# Web hosting for magento e-commerce site



## AliDec (Sep 26, 2010)

Ho all, hope I am posting this in the right place. Our site is complete now and ready to go, the problem is we dont know which hosting to go with for our site. Our developer designed the site using magento. What we want to know is what is the best hosting for a magento site?


----------



## mustangFWL (Feb 27, 2012)

Godaddy makes it easy to host with magento, and really any "respected" hosting site works well with magento... I wish I could remember the name of the company we used before we went to magento go... If I remember it I'll let ya know


----------



## AliDec (Sep 26, 2010)

Thanks scott, i had tried ipage and fatcow but both said they cant support magento sites.


----------



## JoeV (Jul 6, 2012)

Don't go with godaddy or other cheap shared hosting. Magento is too demanding for that. You need good vps hosting. Go with a host that has a lot of experience with Magneto.
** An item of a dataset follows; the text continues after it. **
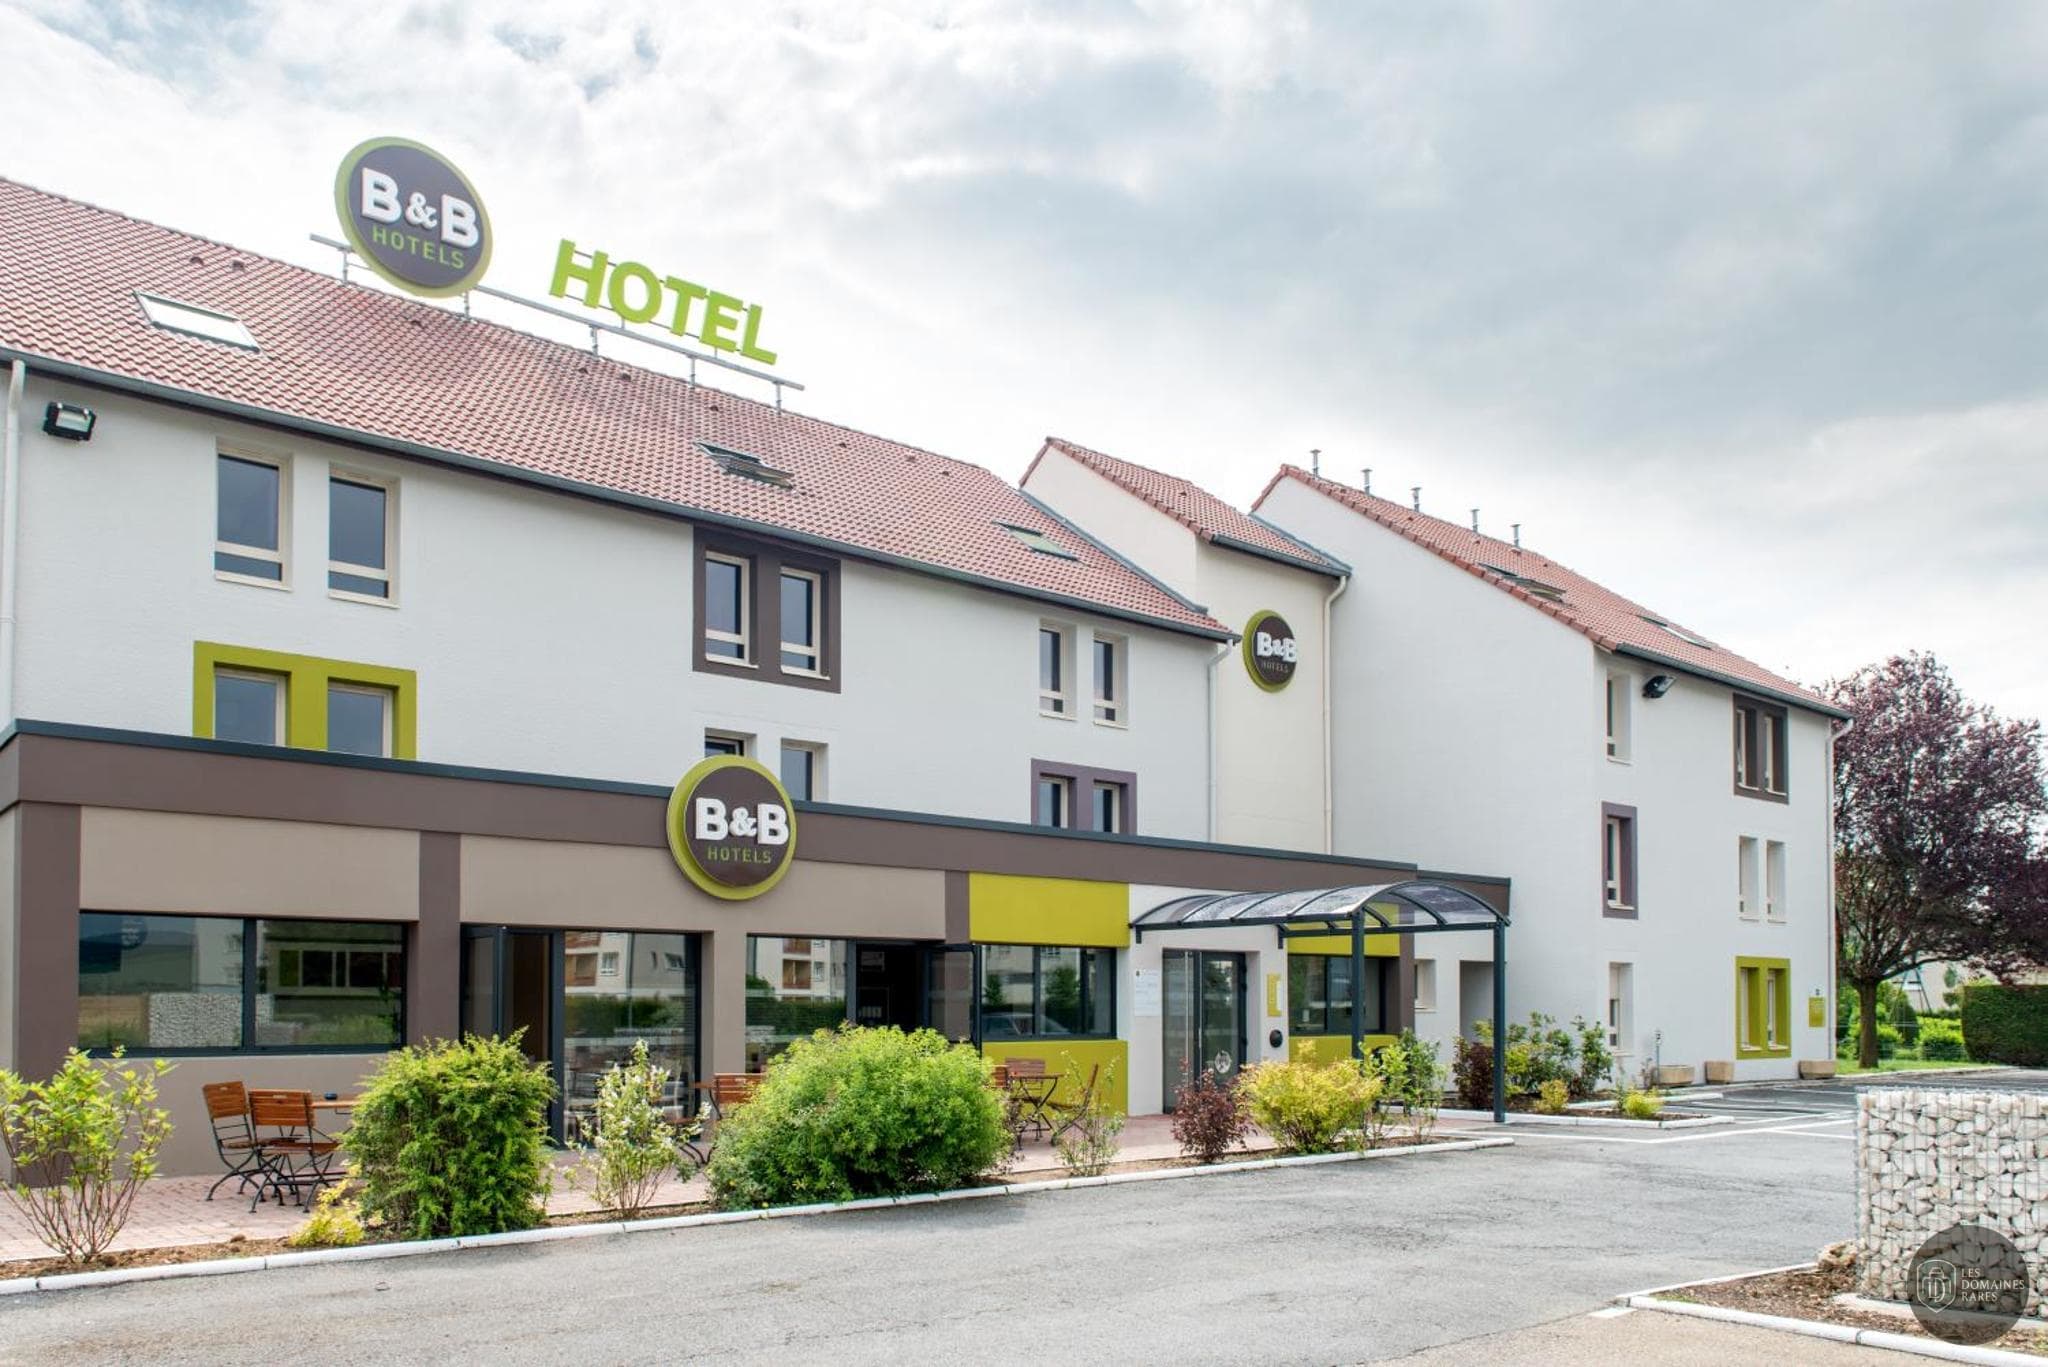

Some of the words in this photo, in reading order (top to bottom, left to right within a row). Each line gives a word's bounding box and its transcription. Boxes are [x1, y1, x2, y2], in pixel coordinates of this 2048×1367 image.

Magento Hosting by Mage Mojo and Nexess are two of the better Magento hosts. Mage Mojo is the only host that I know of that only hosts Magento stores. I think they start around $60 per month.


----------



## DeViTTo (Jul 1, 2012)

I use nethosted not magento though open cart, but as a hoster in the UK been with many hosts before now but they are fantastic only pay £49 per year.
Your setup would be more expensice because of bandwith required per month and probably storage on their hard drives.

I would go here and ask Andrew UK Web Hosting Provider - High Quality hosting Affordable prices.

Worth you asking they are very reliable and very helpful to.

I agree to above post stay away from godaddy, 123reg go for dedicated hosting solution.


----------



## printingray (Apr 4, 2012)

Try HostMonster or BlueHost for a better service and bandwidth.


----------



## gorilladiver (Oct 25, 2011)

I use ICDsoft for hosting my Magento site. I had a few issues with server settings when I upgraded from Magento 1.6 to 1.7 but the ICDsoft tech support had it fixed in about twenty minutes.

http://icdsoft.com


----------



## CARTZLINK (Jul 7, 2012)

Magento can work on a shared hosting environment but only on a high-end shared hosting environment, which will definitely cost more than a few bucks. 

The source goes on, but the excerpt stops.